**PROBLEM TO SOLVE:** In the records below, find the line with "this 1920×1163 image." and repeat it and every line after it, exactly, without any pictures.

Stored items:

· · · · ·

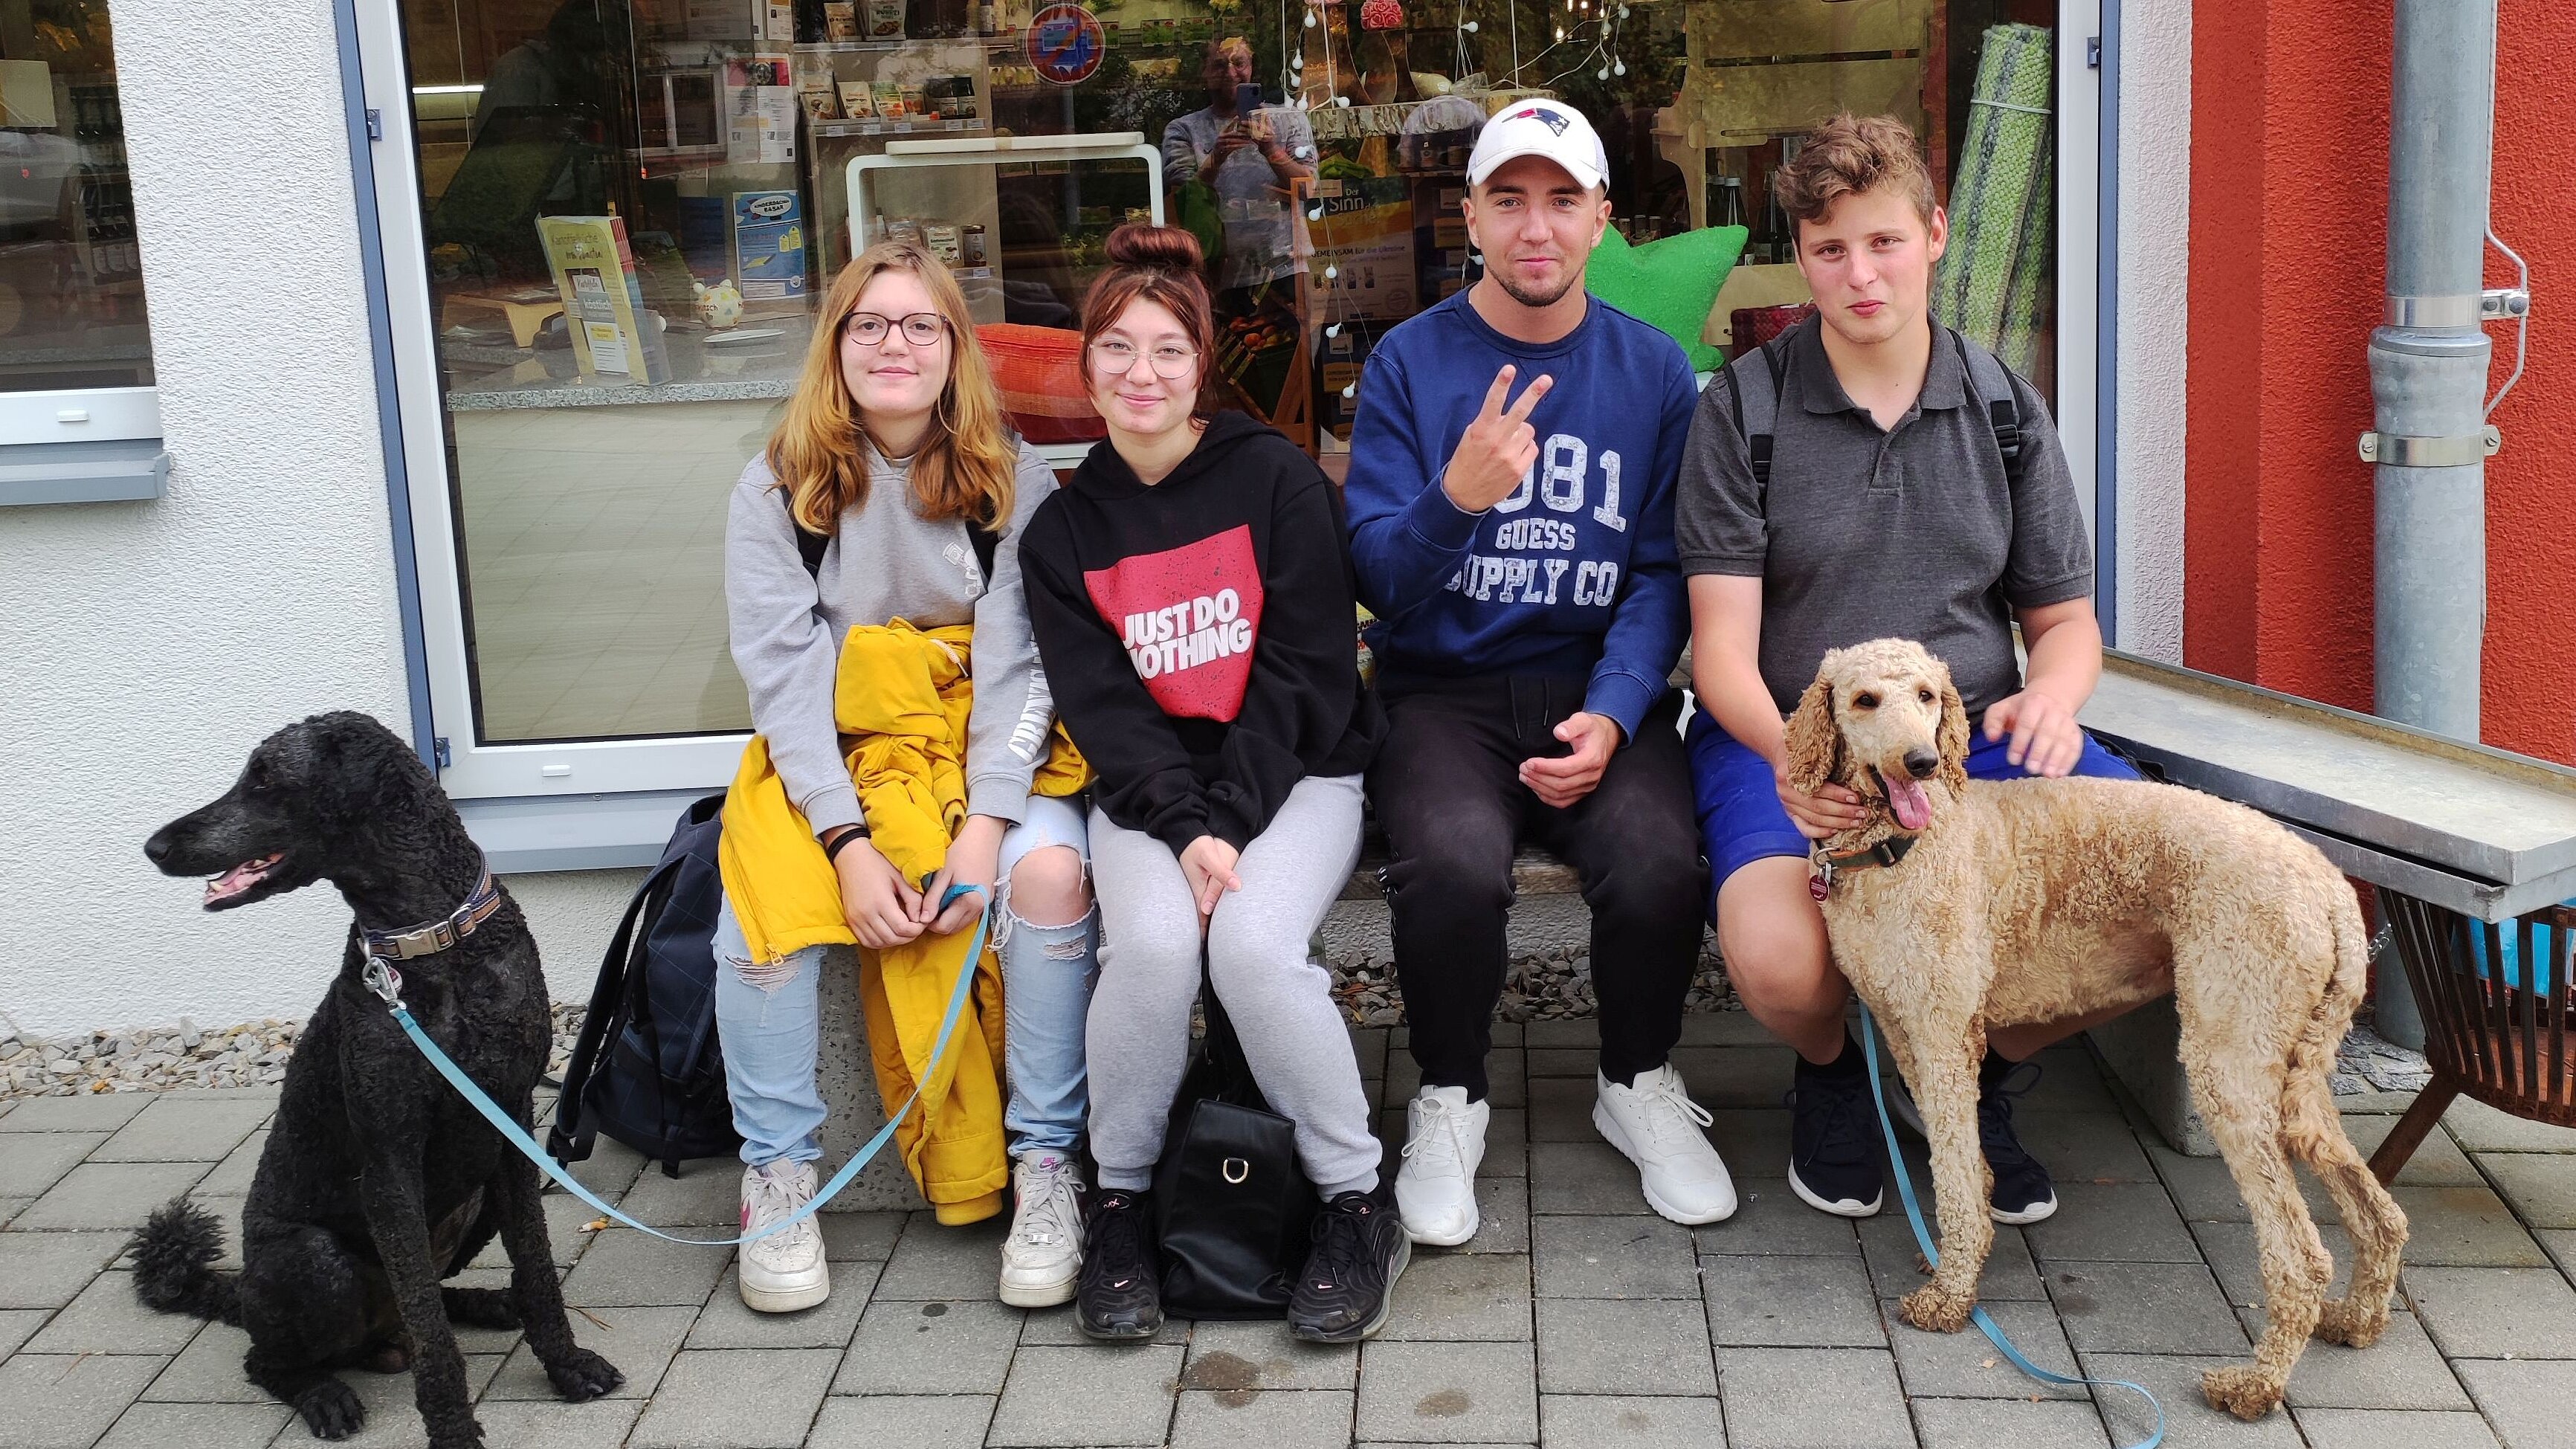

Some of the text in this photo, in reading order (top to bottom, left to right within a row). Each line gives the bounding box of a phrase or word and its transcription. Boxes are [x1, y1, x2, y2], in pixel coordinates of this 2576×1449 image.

[1329, 196, 1363, 213] Sinn
[1495, 518, 1576, 551] GUESS
[1573, 560, 1619, 607] CO
[1123, 588, 1239, 651] JUST DO
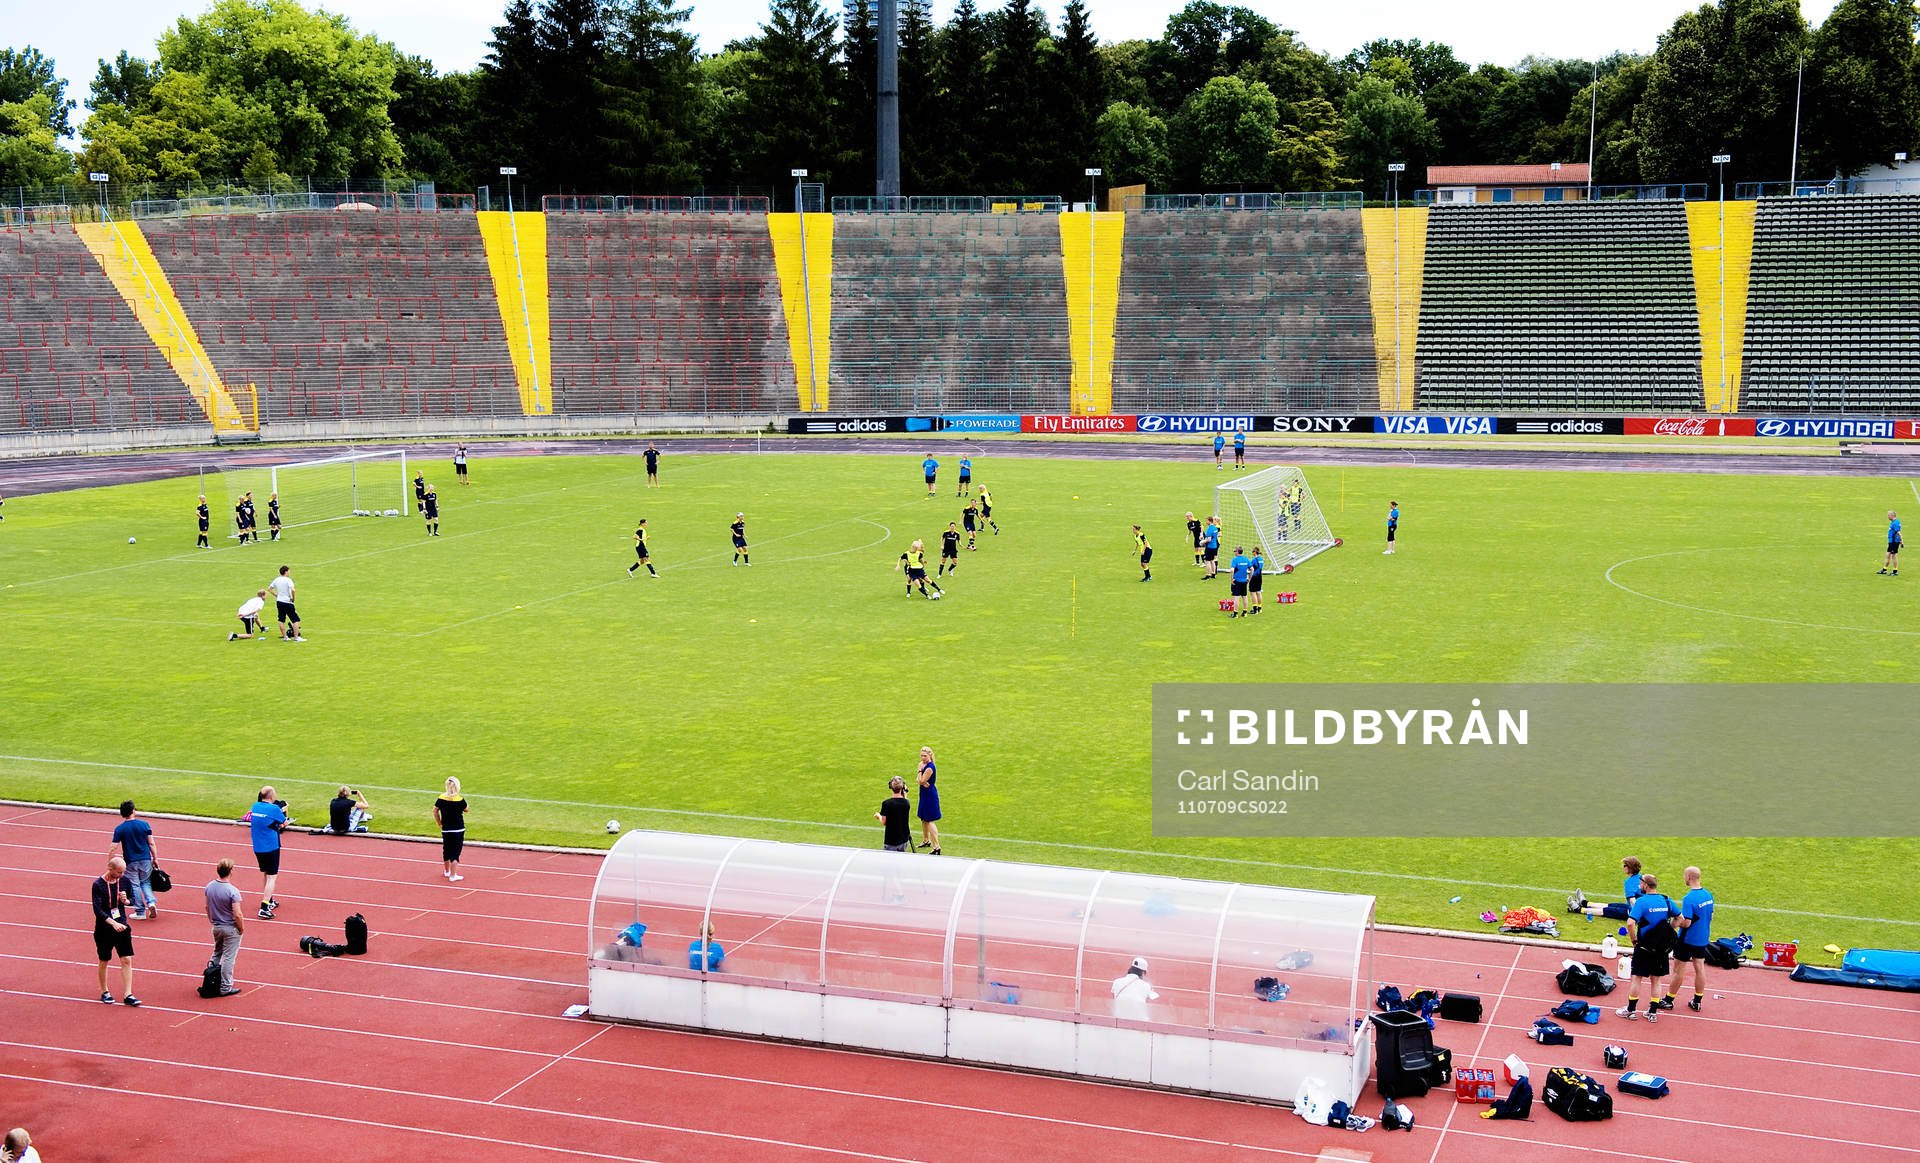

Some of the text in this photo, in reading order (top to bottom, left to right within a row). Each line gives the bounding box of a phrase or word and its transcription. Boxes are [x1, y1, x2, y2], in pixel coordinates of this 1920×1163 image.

[838, 419, 886, 432] adidas
[956, 420, 1018, 428] POWERADE
[1034, 416, 1125, 432] Fly Emirates
[1170, 417, 1254, 431] HYUNDAI
[1273, 416, 1355, 432] SONY
[1383, 416, 1492, 434] VISA VISA
[1550, 420, 1603, 433] adidas
[1794, 421, 1893, 437] HYUNDAI
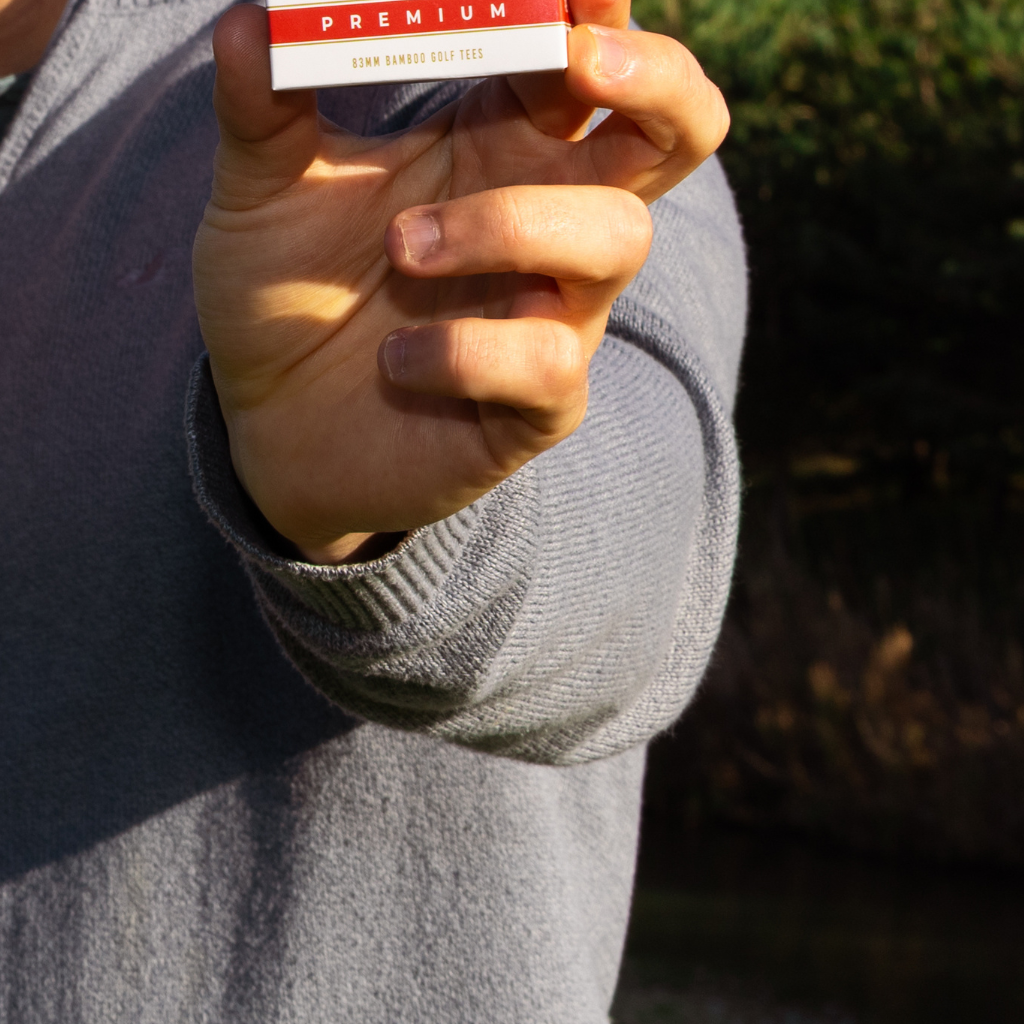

· · · · ·

**WRITTEN RESPONSE:**
Some of the text in this photo, in reading order (top to bottom, left to right within a row). Each line gives the bounding box of a phrase or word and its transcription. Boxes are [x1, y1, x2, y2], in pixel coordinates of this 1920×1163 image.

[838, 419, 886, 432] adidas
[956, 420, 1018, 428] POWERADE
[1034, 416, 1125, 432] Fly Emirates
[1170, 417, 1254, 431] HYUNDAI
[1273, 416, 1355, 432] SONY
[1383, 416, 1492, 434] VISA VISA
[1550, 420, 1603, 433] adidas
[1794, 421, 1893, 437] HYUNDAI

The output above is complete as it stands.